The Asos men’s wear presentation Monday night at Hotel Hugo was a legit scene. A surly lobby attendant seemed to derive more pleasure from confiscating guests’ drinks than a TSA agent. “Finish it or get rid of it,” he barked at an editor waiting on line for the cramped elevator. Anyone who failed for whatever reason to get their hand stamped was assumed to be sneaking into the venue by this deputy-in-training. “Nobody gets in without a stamp,” he said. “You gotta go back.”
When the elevator opened onto Bar Hugo, a copper-accented room with a view on the lower level of a bi-floor roof concept, the crowd was pulsing, aided by the freely flowing libations.
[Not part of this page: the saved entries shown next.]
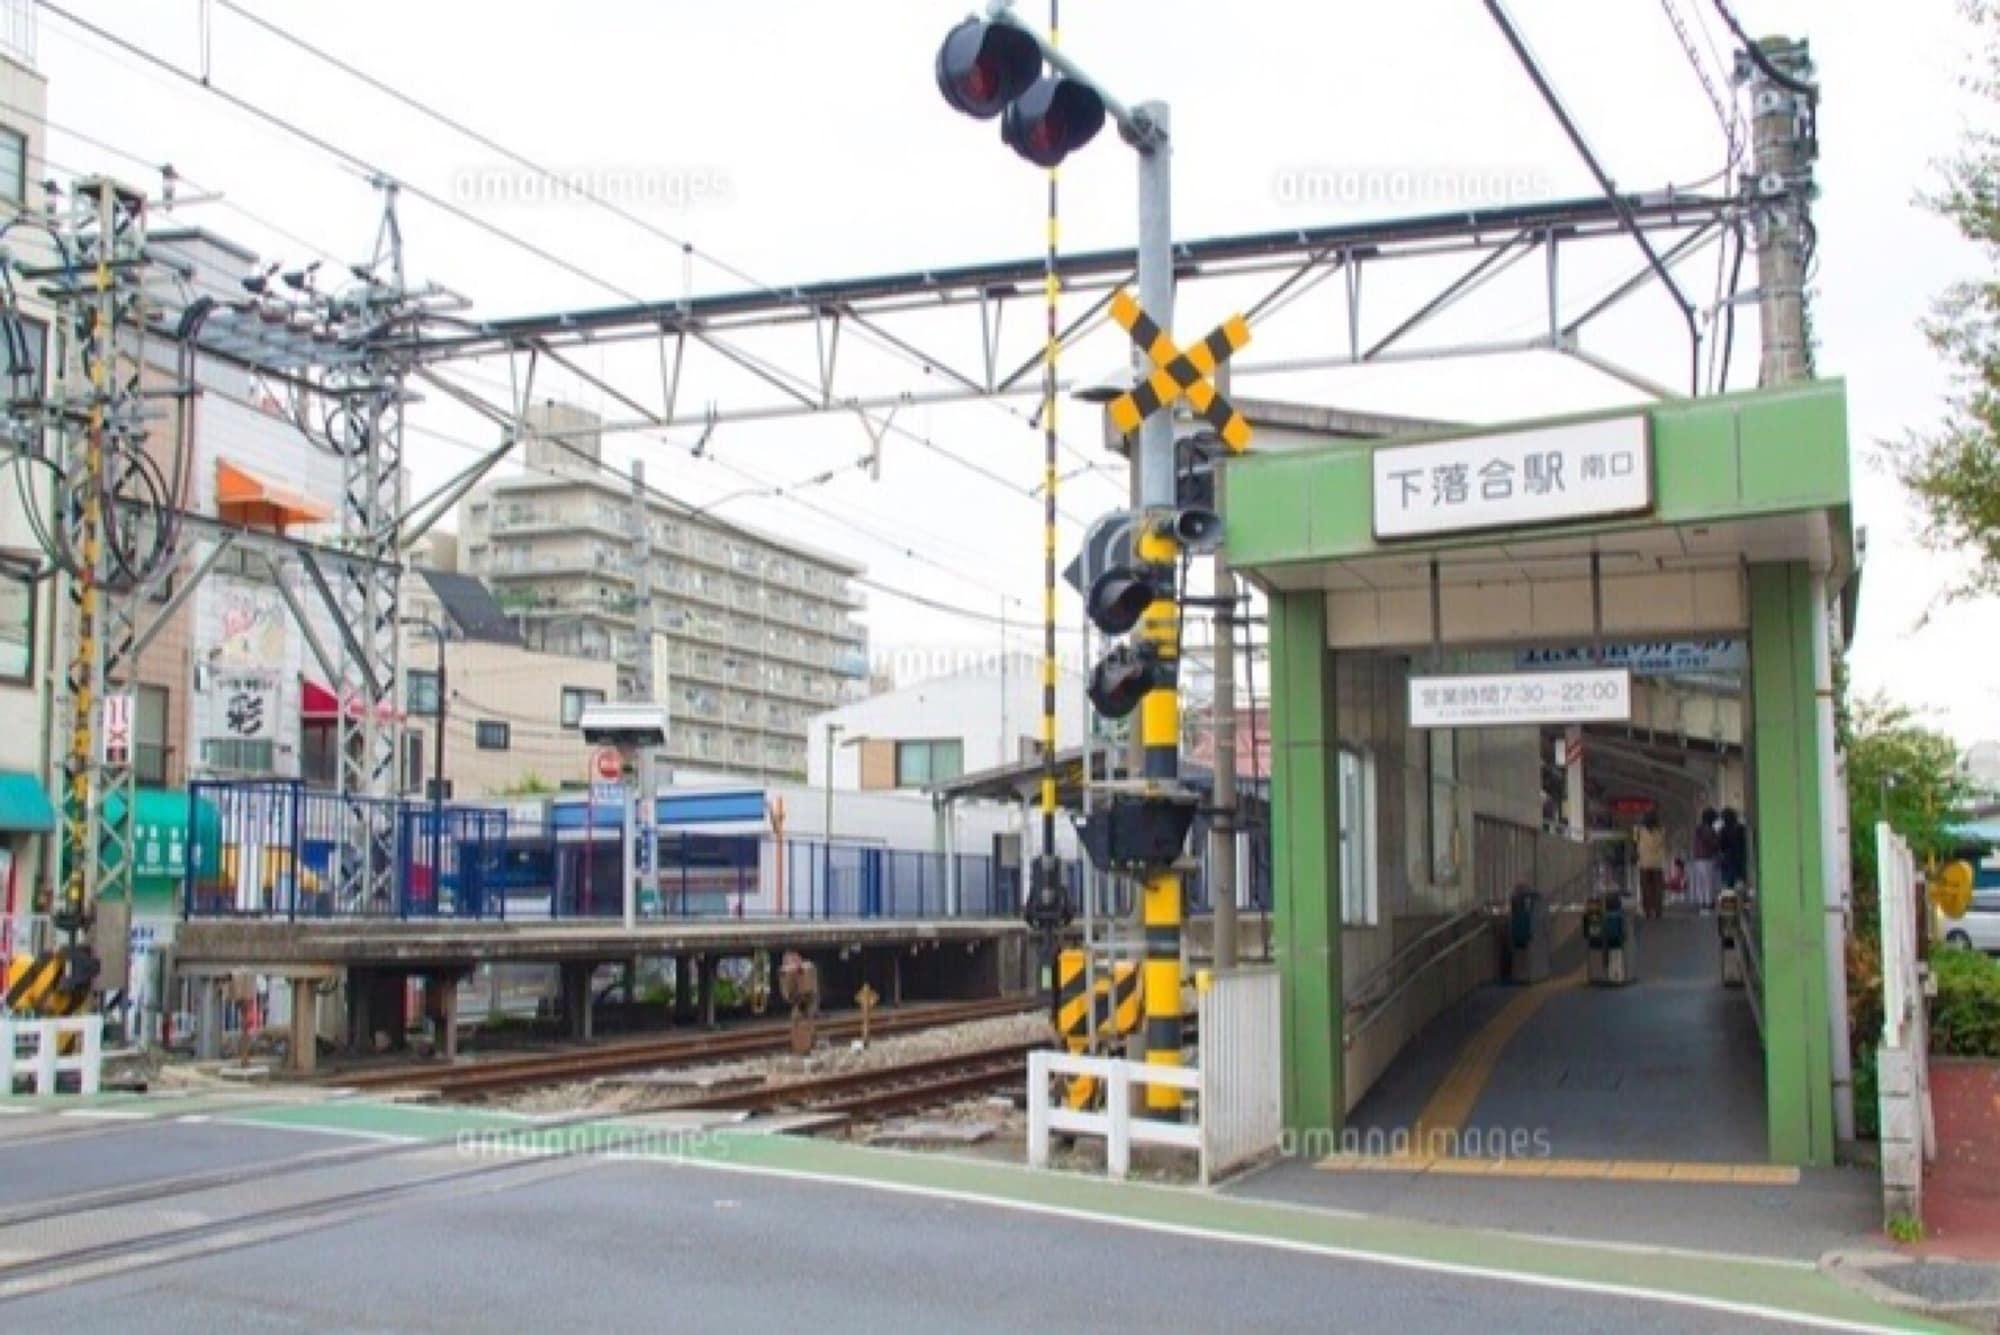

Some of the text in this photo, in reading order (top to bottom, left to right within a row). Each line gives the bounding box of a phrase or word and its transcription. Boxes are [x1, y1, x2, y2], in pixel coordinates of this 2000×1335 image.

[1387, 451, 1633, 510] 下落合駅 南口
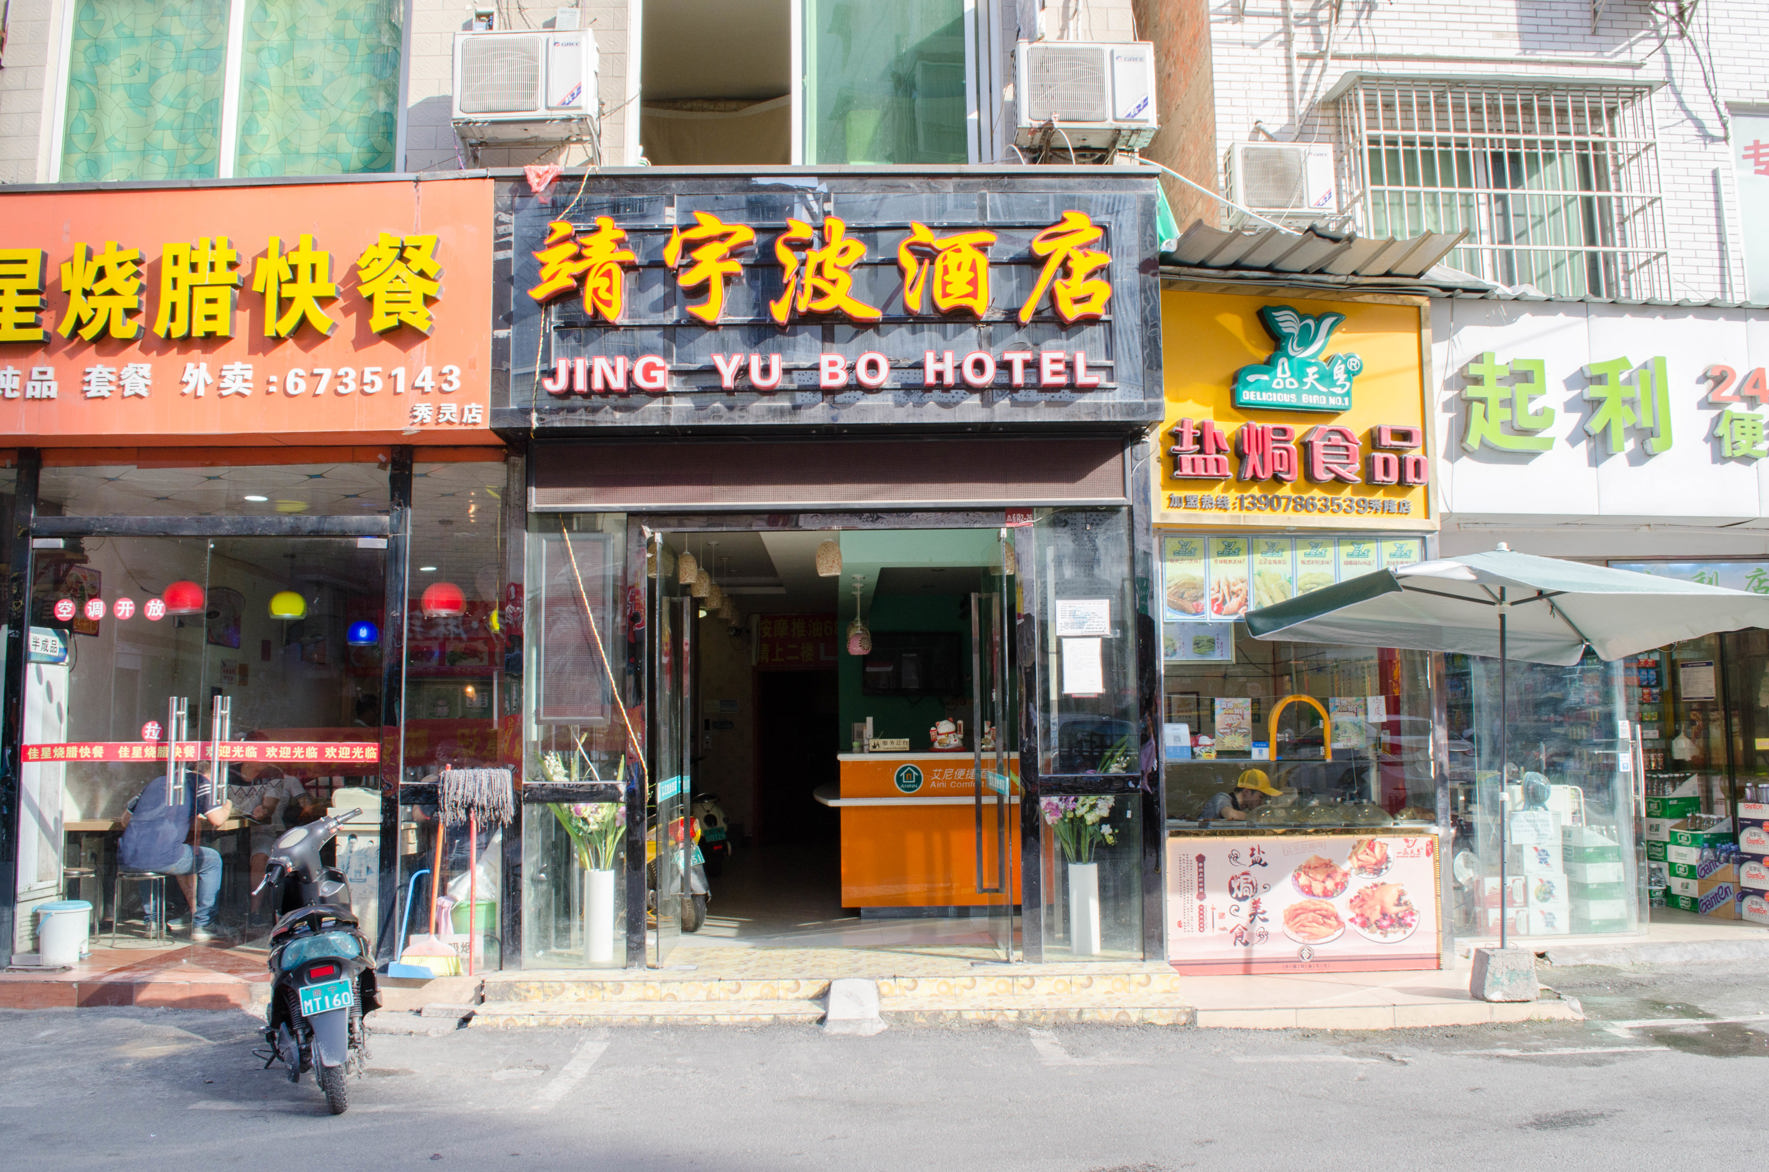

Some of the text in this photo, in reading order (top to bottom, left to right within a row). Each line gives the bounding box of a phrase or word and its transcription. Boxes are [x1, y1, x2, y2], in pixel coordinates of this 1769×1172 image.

[527, 210, 1113, 326] 靖宇波酒店
[0, 233, 443, 343] 星烧腊快餐
[83, 363, 152, 398] 套餐
[542, 350, 1101, 395] JING YU BO HOTEL
[1243, 390, 1297, 403] DELICIOUS
[1328, 396, 1349, 406] NO.1
[411, 403, 483, 423] 秀灵店
[1168, 418, 1428, 486] 盐焗食品
[57, 600, 165, 618] 空调开放
[144, 723, 161, 740] 拉
[27, 746, 104, 760] 佳星烧腊快餐
[265, 745, 318, 759] 欢迎光临
[324, 745, 377, 760] 欢迎光临
[1698, 885, 1732, 914] Ganten
[304, 992, 351, 1014] MT160
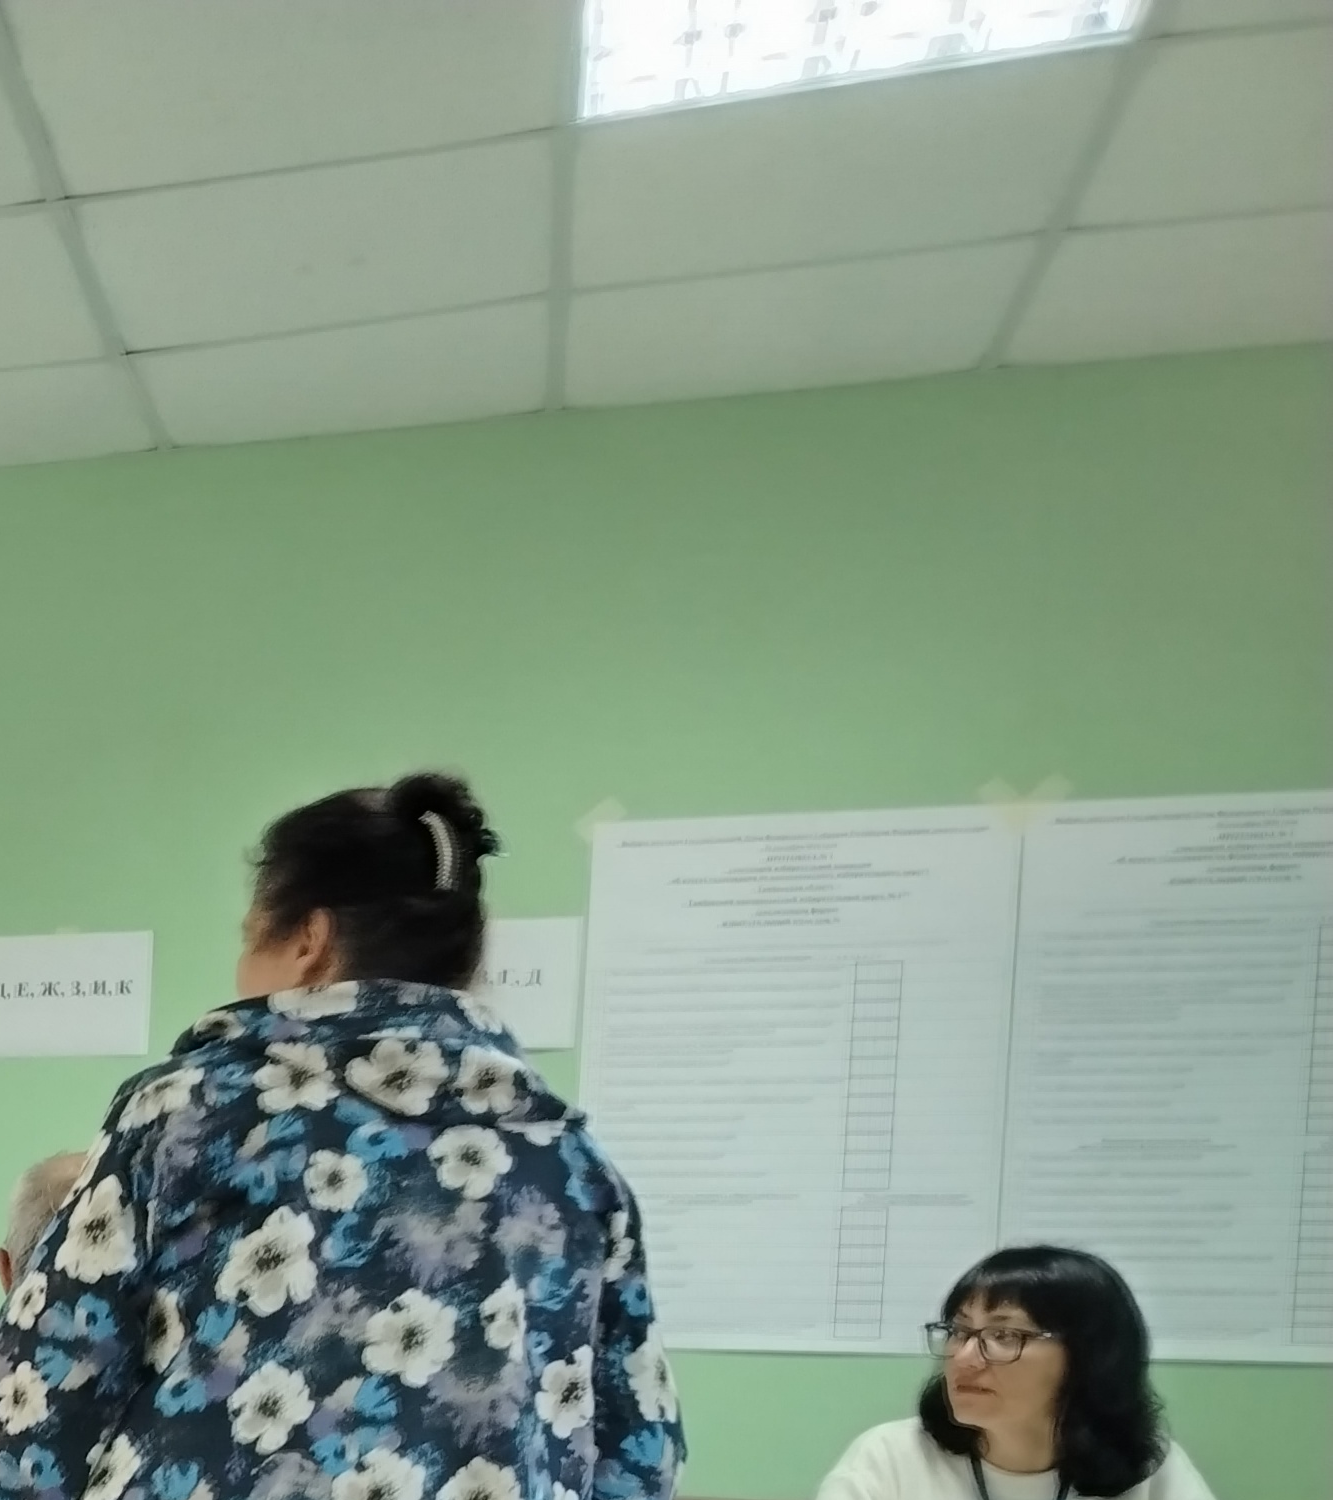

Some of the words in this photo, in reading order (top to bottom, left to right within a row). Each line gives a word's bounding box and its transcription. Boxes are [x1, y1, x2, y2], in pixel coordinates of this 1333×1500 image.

A narrow staircase led to Azul on the actual rooftop, where tribes of enthusiasts of the brand were engaged in a more raucous dance.
Ten models wearing designs representing Asos’ spring 2019 collection, called “The Future Is Now,” stood or sat on a makeshift platform, the new-age fabrics of their garments shimmering in the sun against the silver towers of the New York skyline, which created a beautiful and serene backdrop for the rooftop event and a counterpoint to the frenetic scene at the bar.
Asos’ second showing in Manhattan, the collection played with layers and textures, harking back to looks from cult-classic films such as “Blade Runner,” “Tron” and “Total Recall.”
“The decades we referenced, the Seventies, Eighties and Nineties, had a sci-fi feel,” said Asos head of men’s wear design James Lawrence. “We’re looking into new [fabric] technology, but we didn’t want it to look too costume-y, so we balanced it with nice wool trousers.”
Acid colors were fused with metallic iridescent finishes and space-age ombrés. A transparent check trenchcoat was worn over a neon pink nylon windbreaker along with navy tailored wide-leg trousers and white tech trainers with neon panels.
The online giant’s interpretation of the future “Pacific Rim” combat-robot-meets-geek-style is due to the fact that “nothing is coordinated,” Lawrence said. “There’s all different fabrications.”
An example is an ensemble consisting of a purple organza boxy revere worn over a multicolored ripple-texture slim knit top and black three-quarter-length tailored shorts with green graphic sport socks poking out from blue iridescent hiking boots and a boxy yellow waist bag.
While Asos is known as the go-to web site for styles for letting your freak flag fly, the Future collection was restrained with classic silhouettes with pops of color, such as an ombré printed DB blazer worn over a white funnel-neck T-shirt and long black shorts and iridescent boots. “There’s a shift from streetwear,” Lawrence said. “It’s smarter tailoring — streetwear kids are wearing blazers.”
Men’s wear is becoming more diverse, Lawrence said. That’s good for Asos — the future collection of 50 pieces is “just a flavor” of the vast offering. “Men used to dress in tribes,” he said. “It’s a demographic thing. It’s exciting because it means anything goes.
“Trends in general are becoming more and more aligned between men and women. Color and fancy fabrics are becoming mainstream. The way things are going, there’s not going to be a men’s or women’s fashion week. You can put that shape and fabric and tailor it for men and women.”
That may not be so good for the e-tailer.